**TASK GOAL**
Down to the last line below, write out every line exactly, starting with the one that contains "this 1200×1600 image." and leaving out the pictures.

Image-backed grounding data:
☆ ☆ ☆ ☆ ☆
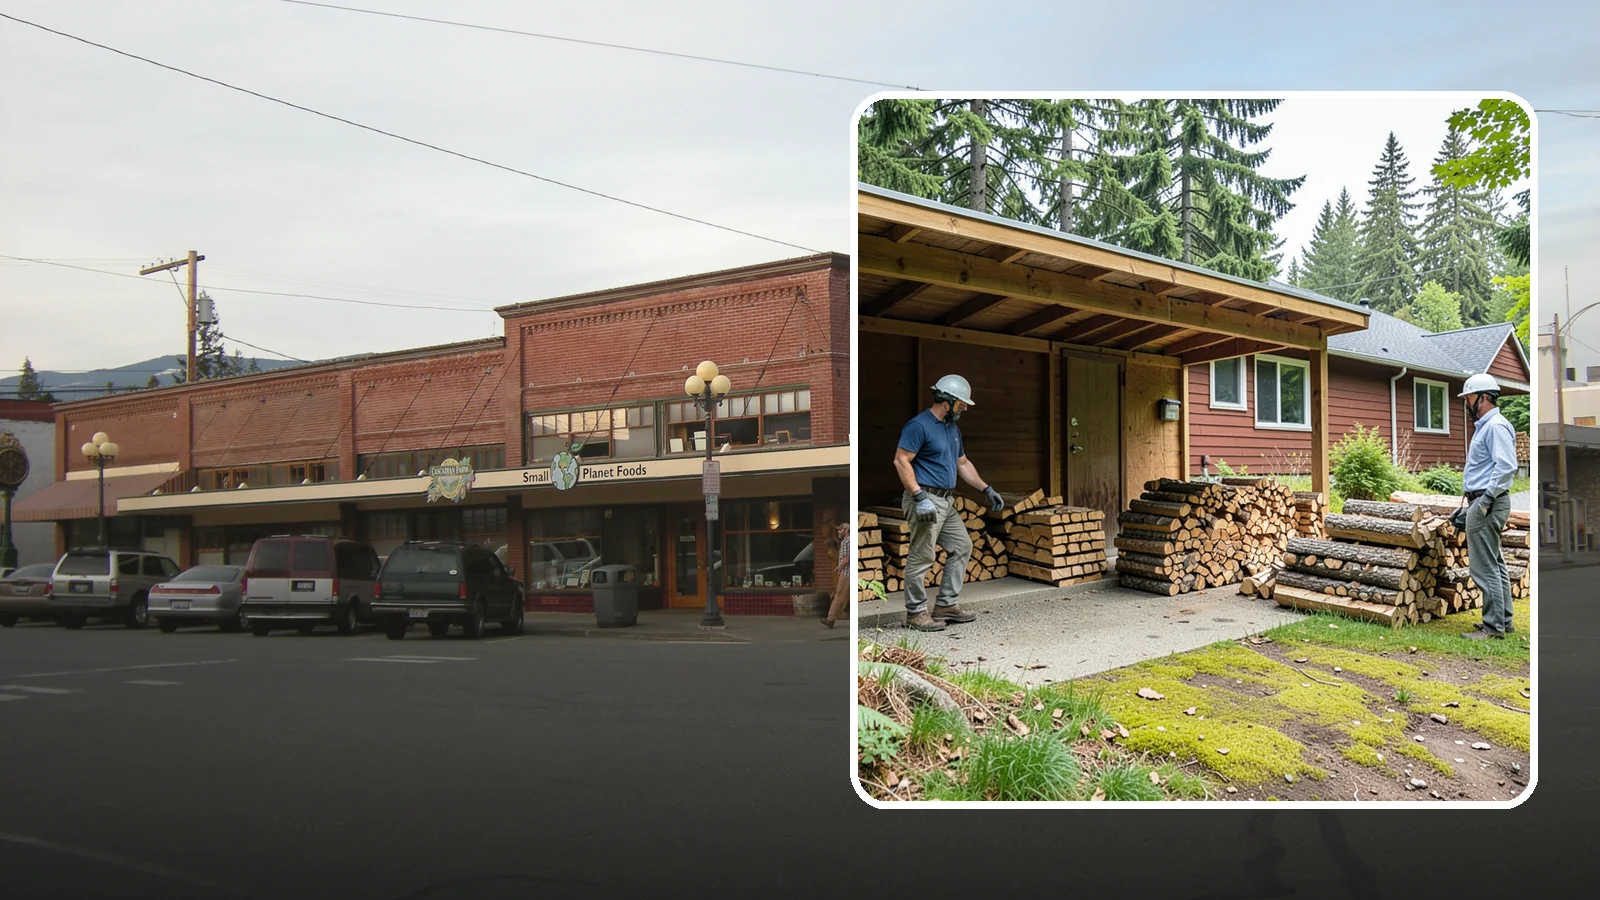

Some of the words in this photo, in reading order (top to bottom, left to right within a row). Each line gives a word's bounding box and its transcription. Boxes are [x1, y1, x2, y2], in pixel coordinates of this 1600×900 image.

[456, 465, 469, 474] FARM
[523, 470, 549, 483] Small
[583, 467, 614, 479] Planet
[617, 464, 647, 477] Foods
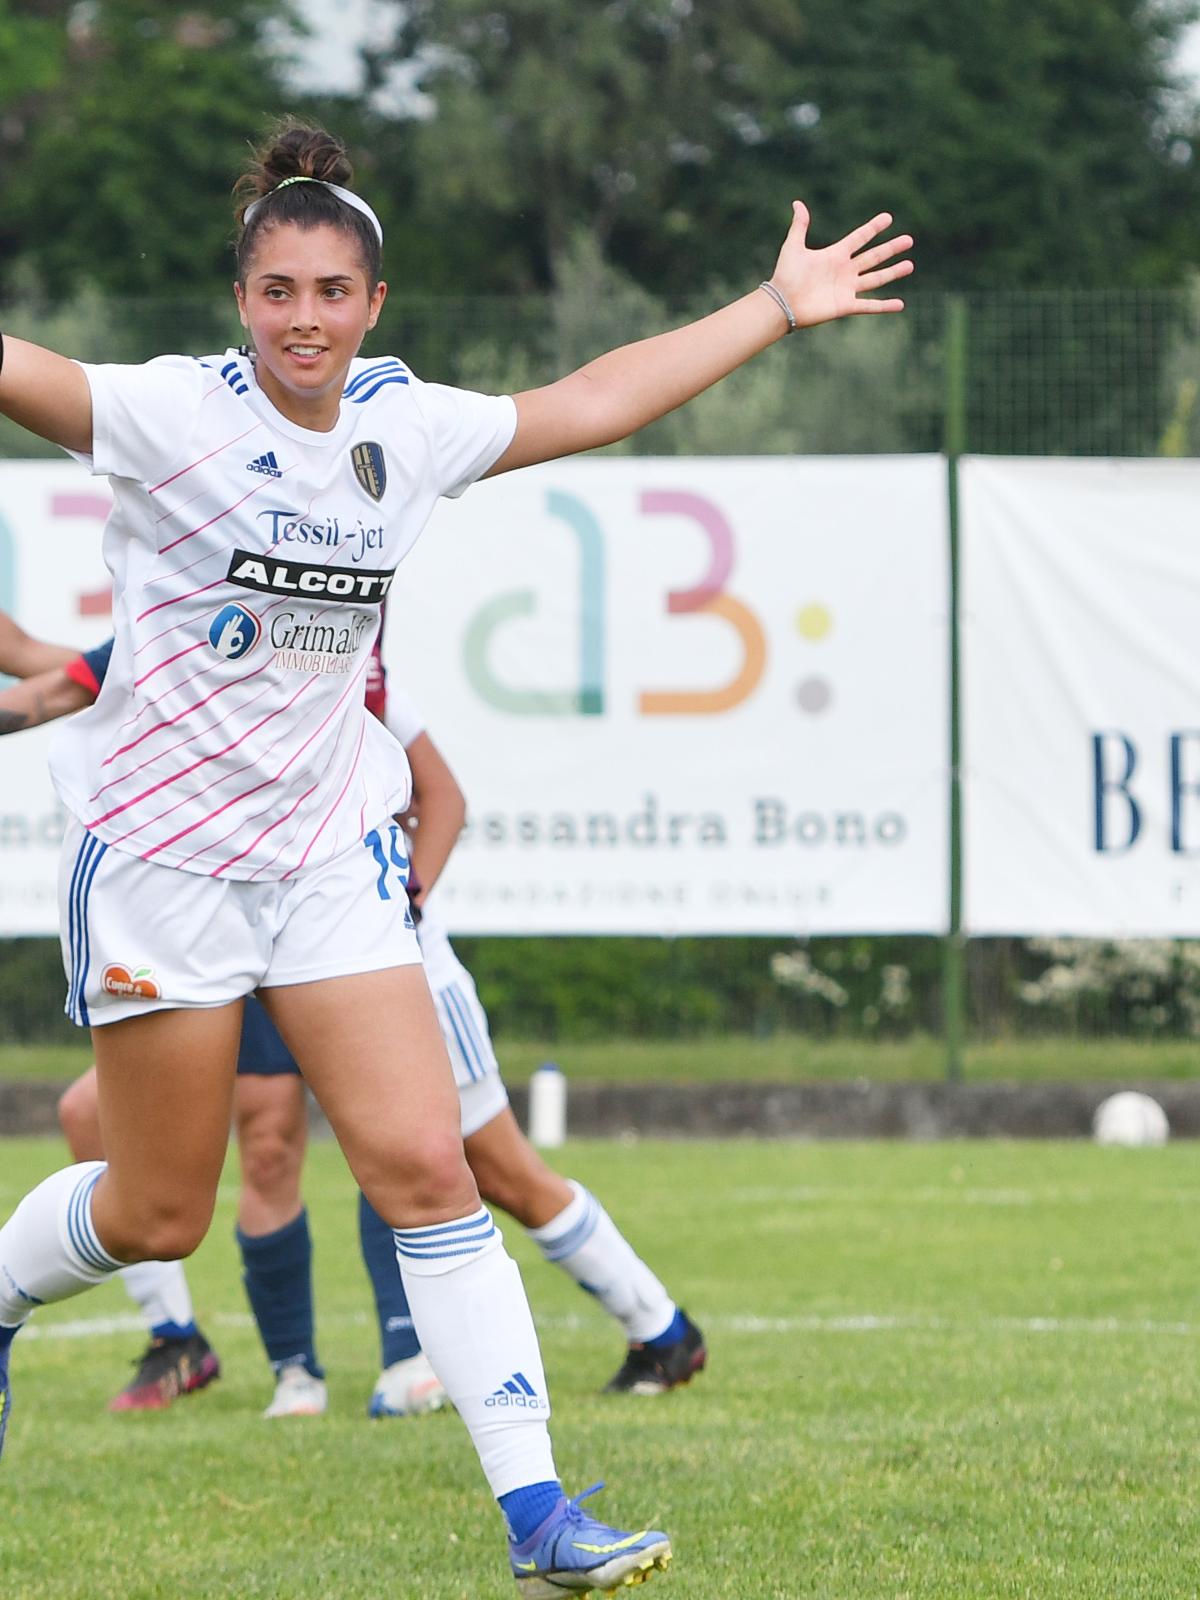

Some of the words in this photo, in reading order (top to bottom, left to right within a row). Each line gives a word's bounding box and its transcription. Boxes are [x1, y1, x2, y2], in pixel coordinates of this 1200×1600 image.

[246, 462, 283, 478] adidas
[231, 559, 393, 597] ALCOTT
[751, 796, 909, 849] Bono
[484, 1393, 547, 1409] adidas
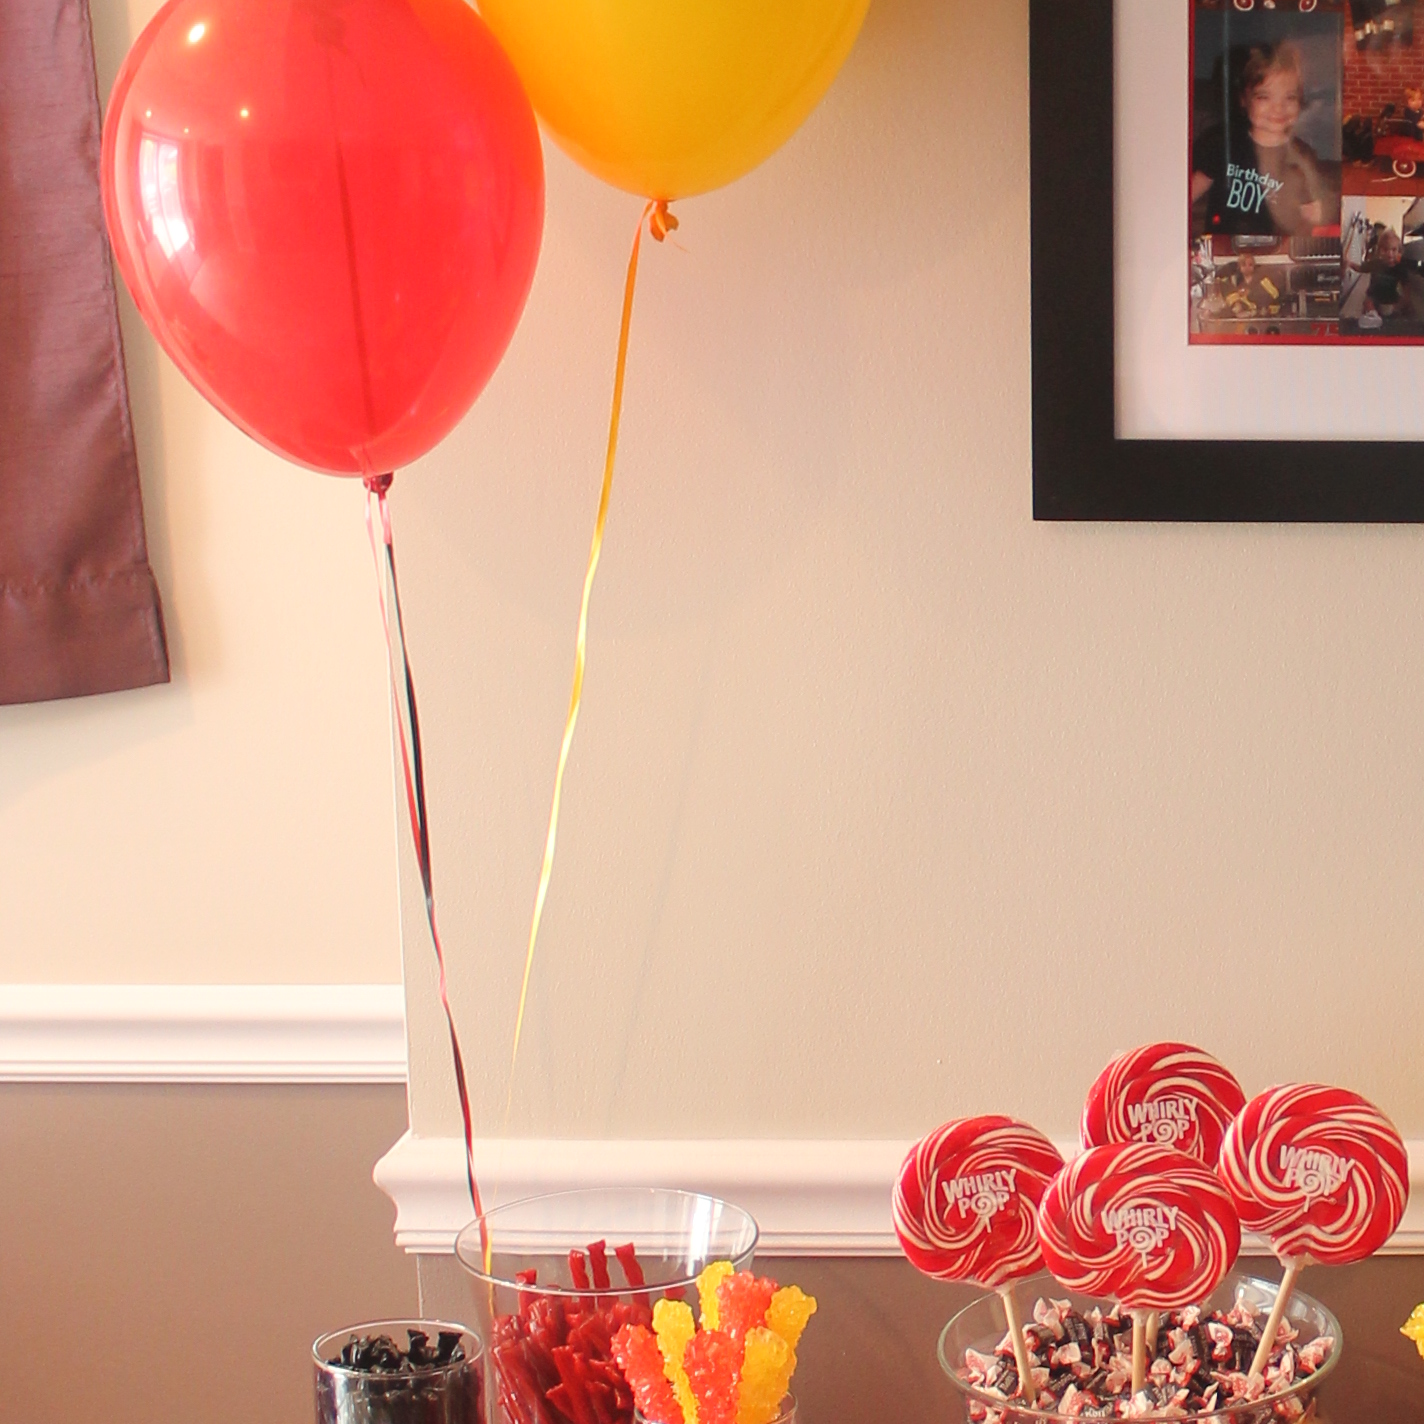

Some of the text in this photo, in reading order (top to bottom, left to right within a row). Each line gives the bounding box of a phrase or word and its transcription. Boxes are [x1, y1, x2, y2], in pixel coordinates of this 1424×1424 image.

[1226, 163, 1285, 193] Birthday
[1226, 178, 1271, 214] BOY
[1128, 1097, 1198, 1128] WHIRLY
[1140, 1119, 1190, 1145] POP
[1280, 1144, 1356, 1183] WHIRLY
[941, 1168, 1017, 1204] WHIRLY
[1285, 1167, 1341, 1196] POP
[958, 1191, 1010, 1219] POP
[1101, 1205, 1179, 1234] WHIRLY
[1116, 1226, 1169, 1253] POP
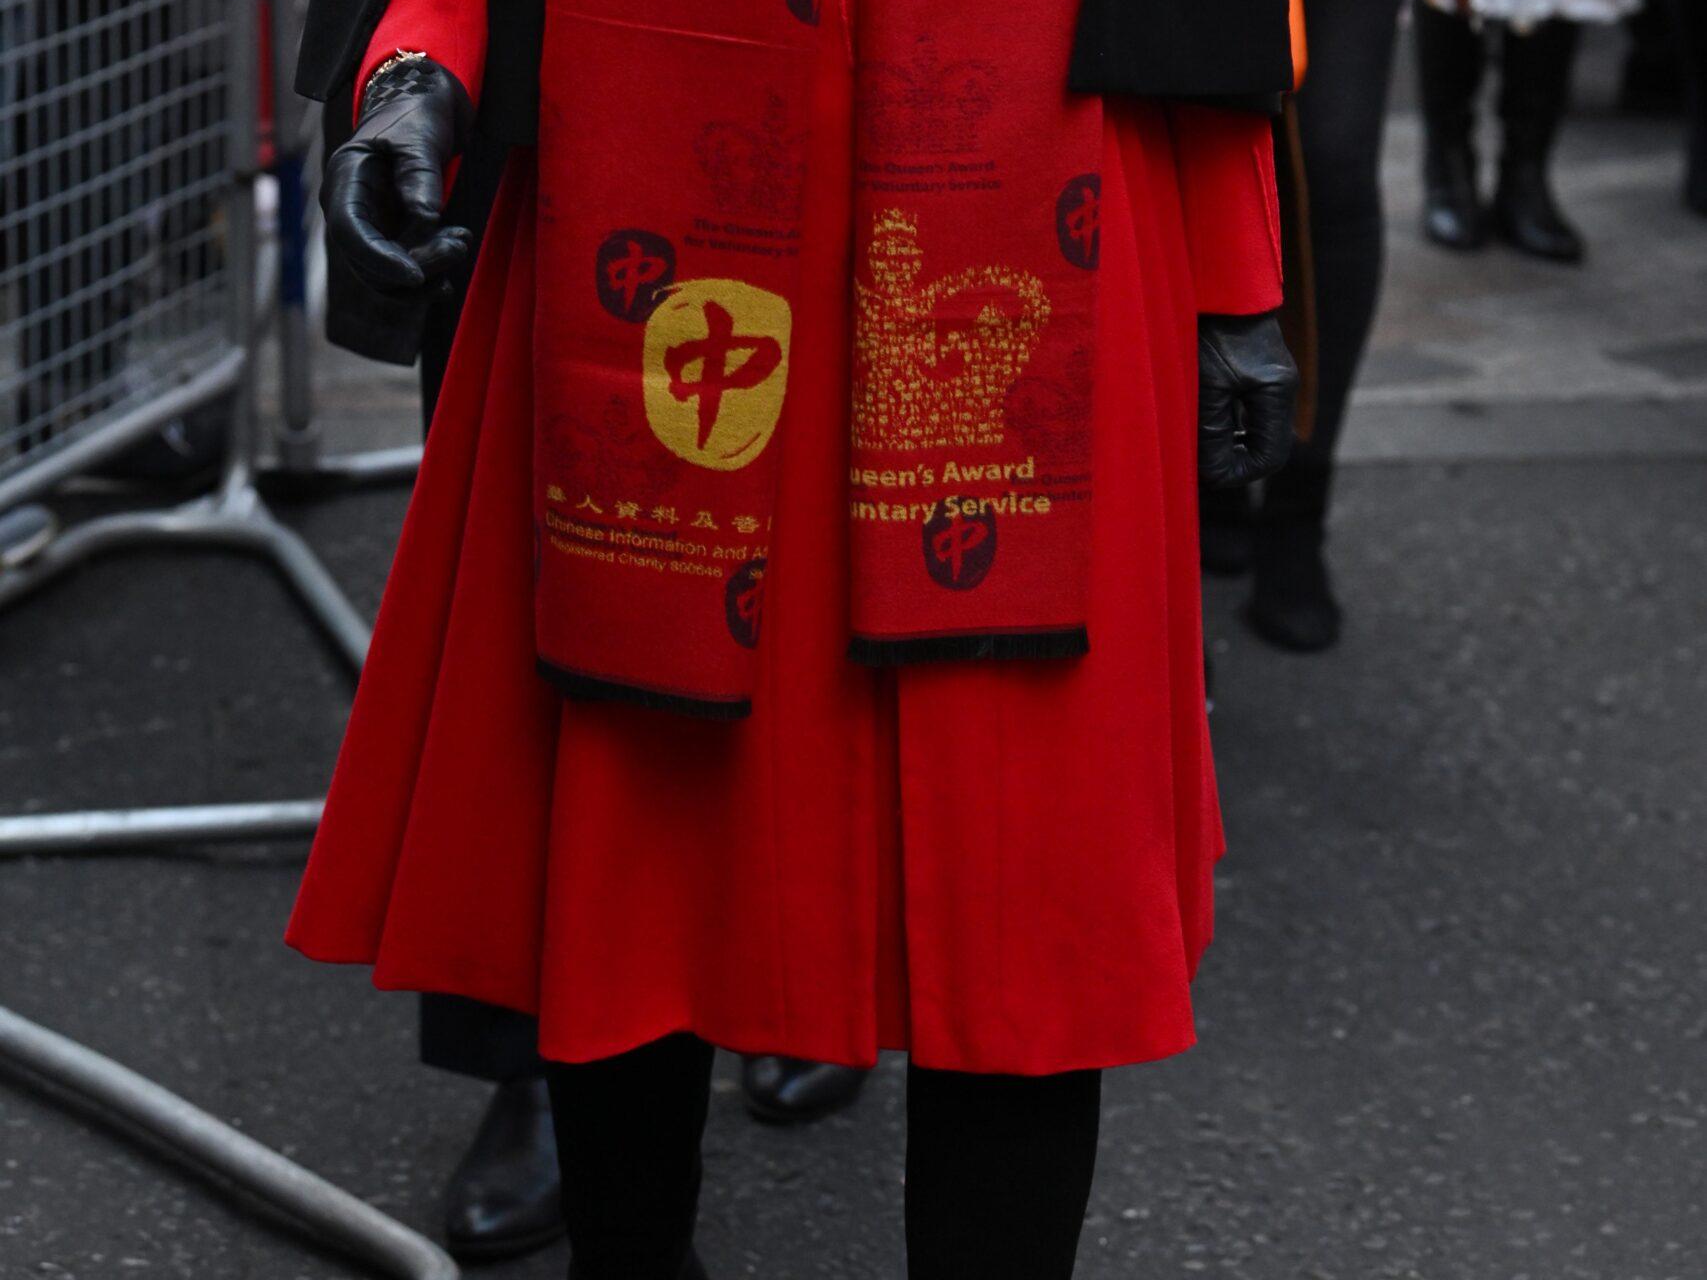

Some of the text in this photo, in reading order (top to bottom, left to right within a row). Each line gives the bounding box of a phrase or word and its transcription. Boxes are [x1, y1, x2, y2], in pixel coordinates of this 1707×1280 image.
☆ ☆ ☆ ☆ ☆
**ANSWER AREA**
Some of the words in this photo, in reading order (top to bottom, left to right within a row). Each line gives a word's bounding box and its transcription. Boxes are [x1, y1, x2, y2], in pixel coordinates of this 1200×1600 image.

[246, 462, 283, 478] adidas
[231, 559, 393, 597] ALCOTT
[751, 796, 909, 849] Bono
[484, 1393, 547, 1409] adidas

Some of the text in this photo, in reading order (top to bottom, left to right within a row). Each line gives the bounding box of a phrase or word and its transcription. Boxes are [x1, y1, x2, y2], in pixel coordinates of this 1424×1424 image.

[1226, 163, 1285, 193] Birthday
[1226, 178, 1271, 214] BOY
[1128, 1097, 1198, 1128] WHIRLY
[1140, 1119, 1190, 1145] POP
[1280, 1144, 1356, 1183] WHIRLY
[941, 1168, 1017, 1204] WHIRLY
[1285, 1167, 1341, 1196] POP
[958, 1191, 1010, 1219] POP
[1101, 1205, 1179, 1234] WHIRLY
[1116, 1226, 1169, 1253] POP

Some of the text in this photo, in reading order (top to bottom, left to right within a row). Each line gives the bounding box of a phrase or word and its transcription. Boxes are [x1, y1, x2, y2], in pixel coordinates of this 1707×1280 image.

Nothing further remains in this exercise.